=== Section Start ===
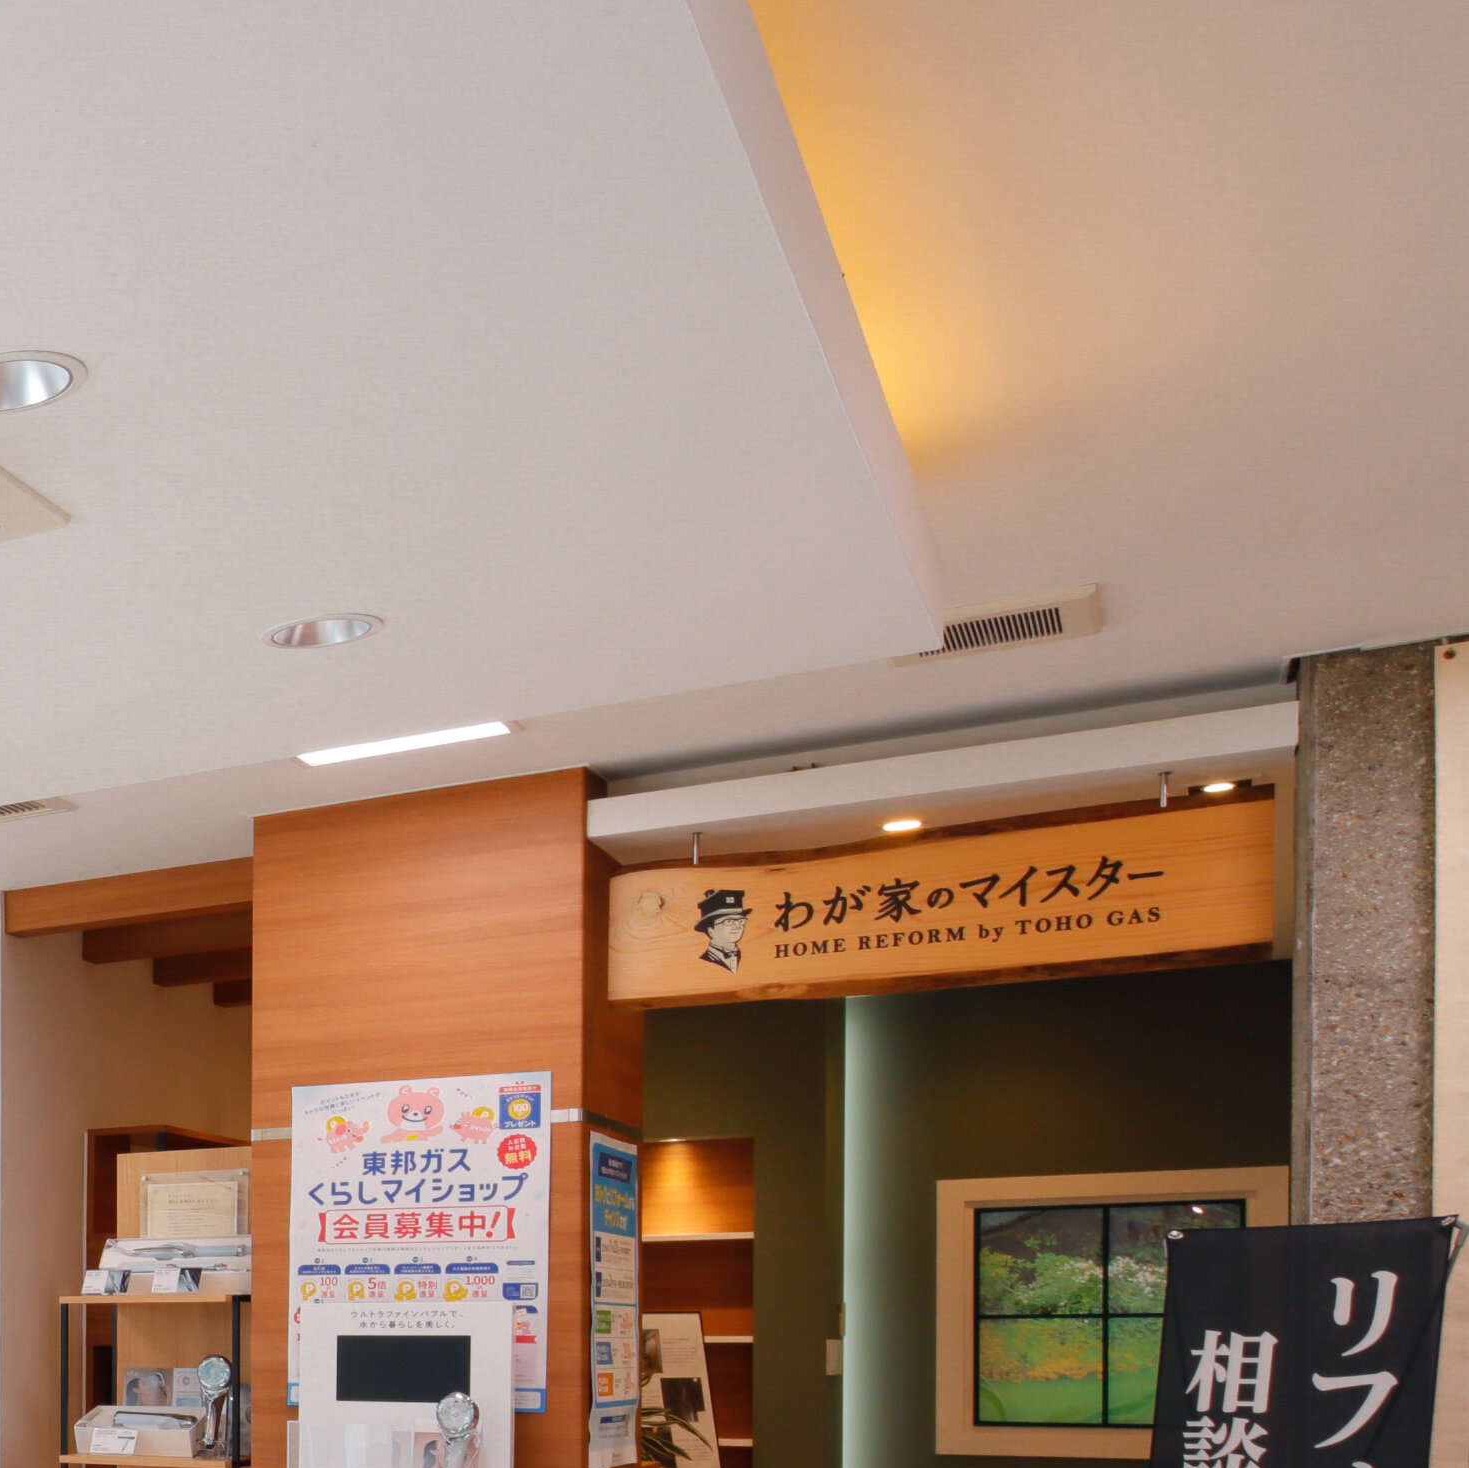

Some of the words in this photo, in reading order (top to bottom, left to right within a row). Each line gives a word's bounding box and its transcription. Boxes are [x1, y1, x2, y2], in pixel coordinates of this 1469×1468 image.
=== Section End ===
=== Section Start ===
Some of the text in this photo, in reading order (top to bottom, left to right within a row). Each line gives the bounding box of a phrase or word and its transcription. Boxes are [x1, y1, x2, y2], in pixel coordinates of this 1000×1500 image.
=== Section End ===
=== Section Start ===
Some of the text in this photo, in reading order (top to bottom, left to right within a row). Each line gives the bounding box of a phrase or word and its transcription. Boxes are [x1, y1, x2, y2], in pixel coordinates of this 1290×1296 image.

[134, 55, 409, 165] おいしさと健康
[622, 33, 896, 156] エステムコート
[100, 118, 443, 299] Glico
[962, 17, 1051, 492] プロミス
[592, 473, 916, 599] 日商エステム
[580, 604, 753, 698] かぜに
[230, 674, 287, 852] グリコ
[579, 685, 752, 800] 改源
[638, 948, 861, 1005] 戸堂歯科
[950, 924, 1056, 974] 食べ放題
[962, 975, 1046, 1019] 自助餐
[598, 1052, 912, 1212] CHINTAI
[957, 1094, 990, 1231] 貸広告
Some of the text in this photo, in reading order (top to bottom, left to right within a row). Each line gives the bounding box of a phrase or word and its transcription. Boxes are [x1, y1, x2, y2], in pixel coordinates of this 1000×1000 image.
=== Section End ===
Above are the entries. Output exactly the lines beginning with the line that has "this 1290×1296 image." and ending with the line that has "this 1000×1000 image.".

▶ [RESPONSE BOX]
Some of the text in this photo, in reading order (top to bottom, left to right within a row). Each line gives the bounding box of a phrase or word and its transcription. Boxes are [x1, y1, x2, y2], in pixel coordinates of this 1290×1296 image.

[134, 55, 409, 165] おいしさと健康
[622, 33, 896, 156] エステムコート
[100, 118, 443, 299] Glico
[962, 17, 1051, 492] プロミス
[592, 473, 916, 599] 日商エステム
[580, 604, 753, 698] かぜに
[230, 674, 287, 852] グリコ
[579, 685, 752, 800] 改源
[638, 948, 861, 1005] 戸堂歯科
[950, 924, 1056, 974] 食べ放題
[962, 975, 1046, 1019] 自助餐
[598, 1052, 912, 1212] CHINTAI
[957, 1094, 990, 1231] 貸広告
Some of the text in this photo, in reading order (top to bottom, left to right within a row). Each line gives the bounding box of a phrase or word and its transcription. Boxes are [x1, y1, x2, y2], in pixel coordinates of this 1000×1000 image.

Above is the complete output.